Knowledge Distillation After Fine-Tuning
Use your fine-tuned large model (teacher) to generate training data for a smaller model (student). Effectively compresses the fine-tuned behavior into a more efficient model.
"""
Distillation pipeline:
1. Fine-tune 70B teacher on your task (expensive, once)
2. Use teacher to generate high-quality (input, output) pairs at scale
3. Fine-tune 7B student on teacher's outputs
4. Student gets ~85-90% of teacher quality at 10× lower inference cost
"""
async def distill_dataset(prompts: list, teacher_model, n_samples: int = 3) -> list:
# Generate N outputs per prompt from teacher
# Select highest-quality output using LLM-as-judge
examples = []
for prompt in prompts:
outputs = [await generate(teacher_model, prompt) for _ in range(n_samples)]
best = await select_best(outputs, prompt) # judge selects best
examples.append({"prompt": prompt, "response": best})
return examples
Model Merging
Combine multiple fine-tuned models by merging their weight spaces. Produces a model that has capabilities of all source models without additional inference cost. Key techniques:
SLERP (Spherical Linear Interpolation)
Interpolate between two model checkpoints along the surface of a hypersphere. Better than linear interpolation for preserving model capabilities. Used by mergekit.
TIES (Task-Vector Arithmetic)
Compute "task vectors" (FT model - base model) for each fine-tuned model, then combine vectors with appropriate scaling and interference resolution before adding back to base.
DARE (Drop And REscale)
Randomly zero out a fraction of delta weights, then rescale remaining weights to compensate. Reduces interference between merged models. Use with TIES for best results.

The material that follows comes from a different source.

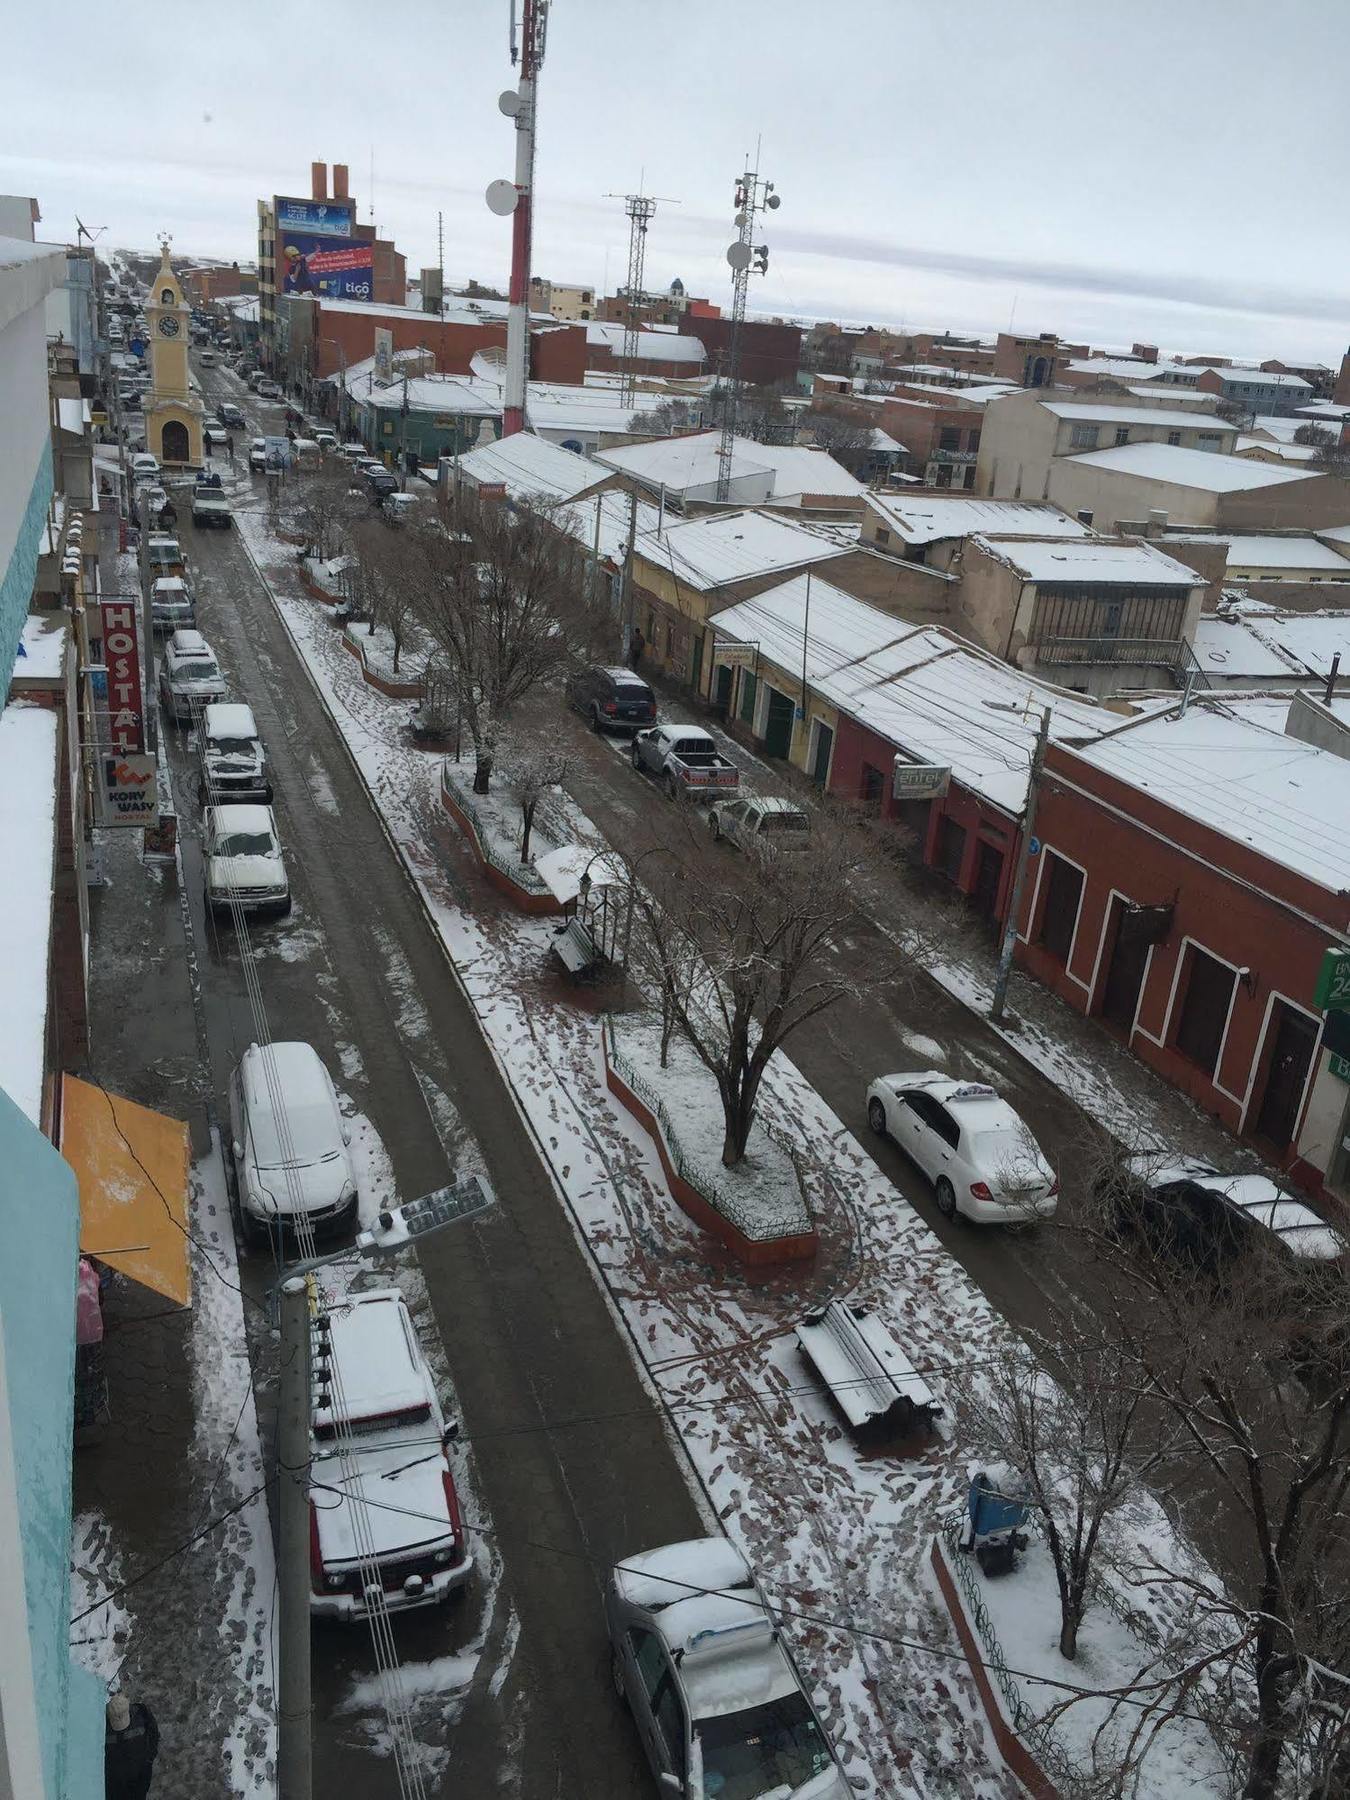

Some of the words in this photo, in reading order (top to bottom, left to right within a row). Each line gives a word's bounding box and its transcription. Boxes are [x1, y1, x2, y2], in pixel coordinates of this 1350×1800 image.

[105, 607, 138, 751] HOSTAL
[900, 772, 938, 786] entel
[117, 801, 155, 813] WASY

# mergekit config: merge two domain-specific LoRA models
merge_method: ties
base_model: meta-llama/Llama-3.1-8B-Instruct
models:
- model: ./factory-planning-merged # TAKT/capacity planning
parameters:
weight: 0.6
density: 0.7 # DARE: keep 70% of delta
- model: ./machine-selection-merged # machine selection skills
parameters:
weight: 0.4
density: 0.7
parameters:
normalize: true
dtype: bfloat16
Model merging is not a replacement for proper fine-tuning — it's a way to combine capabilities cheaply. Best use case: you have two specialized models and need a generalist without the cost of retraining from scratch on combined data. Always eval the merged model — quality can vary unpredictably and requires empirical validation.